**ASSIGNMENT**
Copy out each record below, exactly as given.

**DATA FOR THIS EXERCISE**
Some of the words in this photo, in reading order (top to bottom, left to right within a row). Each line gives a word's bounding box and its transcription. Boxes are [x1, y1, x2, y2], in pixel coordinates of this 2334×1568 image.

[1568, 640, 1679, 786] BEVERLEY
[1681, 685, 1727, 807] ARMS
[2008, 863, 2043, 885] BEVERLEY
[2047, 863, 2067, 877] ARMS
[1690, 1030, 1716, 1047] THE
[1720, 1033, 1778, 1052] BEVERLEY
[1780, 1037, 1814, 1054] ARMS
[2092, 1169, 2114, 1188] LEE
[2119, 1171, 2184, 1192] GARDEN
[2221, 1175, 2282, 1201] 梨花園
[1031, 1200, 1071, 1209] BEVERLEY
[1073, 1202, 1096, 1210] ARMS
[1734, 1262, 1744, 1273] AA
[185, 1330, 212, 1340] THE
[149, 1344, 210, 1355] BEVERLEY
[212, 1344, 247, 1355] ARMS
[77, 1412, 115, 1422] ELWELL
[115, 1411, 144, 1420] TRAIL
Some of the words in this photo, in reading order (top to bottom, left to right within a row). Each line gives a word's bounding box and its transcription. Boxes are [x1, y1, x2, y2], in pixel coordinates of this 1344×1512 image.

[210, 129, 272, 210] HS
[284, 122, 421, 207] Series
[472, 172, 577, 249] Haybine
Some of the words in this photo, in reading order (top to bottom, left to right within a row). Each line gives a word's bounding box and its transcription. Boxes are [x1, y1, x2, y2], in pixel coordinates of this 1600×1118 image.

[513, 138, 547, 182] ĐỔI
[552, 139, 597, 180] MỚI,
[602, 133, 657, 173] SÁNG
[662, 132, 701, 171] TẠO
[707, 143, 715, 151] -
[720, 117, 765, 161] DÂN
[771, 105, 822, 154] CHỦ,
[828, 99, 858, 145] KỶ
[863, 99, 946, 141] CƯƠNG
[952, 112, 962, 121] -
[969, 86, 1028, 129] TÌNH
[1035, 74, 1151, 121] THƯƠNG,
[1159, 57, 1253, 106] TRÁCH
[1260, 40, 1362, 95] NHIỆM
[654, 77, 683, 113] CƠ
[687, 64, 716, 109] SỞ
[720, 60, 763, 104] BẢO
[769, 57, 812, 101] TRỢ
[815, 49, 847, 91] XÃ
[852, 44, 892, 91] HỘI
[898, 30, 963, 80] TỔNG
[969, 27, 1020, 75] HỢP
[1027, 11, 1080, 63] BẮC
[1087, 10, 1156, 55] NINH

**OUTPUT OF THE TASK**
Some of the words in this photo, in reading order (top to bottom, left to right within a row). Each line gives a word's bounding box and its transcription. Boxes are [x1, y1, x2, y2], in pixel coordinates of this 2334×1568 image.

[1568, 640, 1679, 786] BEVERLEY
[1681, 685, 1727, 807] ARMS
[2008, 863, 2043, 885] BEVERLEY
[2047, 863, 2067, 877] ARMS
[1690, 1030, 1716, 1047] THE
[1720, 1033, 1778, 1052] BEVERLEY
[1780, 1037, 1814, 1054] ARMS
[2092, 1169, 2114, 1188] LEE
[2119, 1171, 2184, 1192] GARDEN
[2221, 1175, 2282, 1201] 梨花園
[1031, 1200, 1071, 1209] BEVERLEY
[1073, 1202, 1096, 1210] ARMS
[1734, 1262, 1744, 1273] AA
[185, 1330, 212, 1340] THE
[149, 1344, 210, 1355] BEVERLEY
[212, 1344, 247, 1355] ARMS
[77, 1412, 115, 1422] ELWELL
[115, 1411, 144, 1420] TRAIL
Some of the words in this photo, in reading order (top to bottom, left to right within a row). Each line gives a word's bounding box and its transcription. Boxes are [x1, y1, x2, y2], in pixel coordinates of this 1344×1512 image.

[210, 129, 272, 210] HS
[284, 122, 421, 207] Series
[472, 172, 577, 249] Haybine
Some of the words in this photo, in reading order (top to bottom, left to right within a row). Each line gives a word's bounding box and its transcription. Boxes are [x1, y1, x2, y2], in pixel coordinates of this 1600×1118 image.

[513, 138, 547, 182] ĐỔI
[552, 139, 597, 180] MỚI,
[602, 133, 657, 173] SÁNG
[662, 132, 701, 171] TẠO
[707, 143, 715, 151] -
[720, 117, 765, 161] DÂN
[771, 105, 822, 154] CHỦ,
[828, 99, 858, 145] KỶ
[863, 99, 946, 141] CƯƠNG
[952, 112, 962, 121] -
[969, 86, 1028, 129] TÌNH
[1035, 74, 1151, 121] THƯƠNG,
[1159, 57, 1253, 106] TRÁCH
[1260, 40, 1362, 95] NHIỆM
[654, 77, 683, 113] CƠ
[687, 64, 716, 109] SỞ
[720, 60, 763, 104] BẢO
[769, 57, 812, 101] TRỢ
[815, 49, 847, 91] XÃ
[852, 44, 892, 91] HỘI
[898, 30, 963, 80] TỔNG
[969, 27, 1020, 75] HỢP
[1027, 11, 1080, 63] BẮC
[1087, 10, 1156, 55] NINH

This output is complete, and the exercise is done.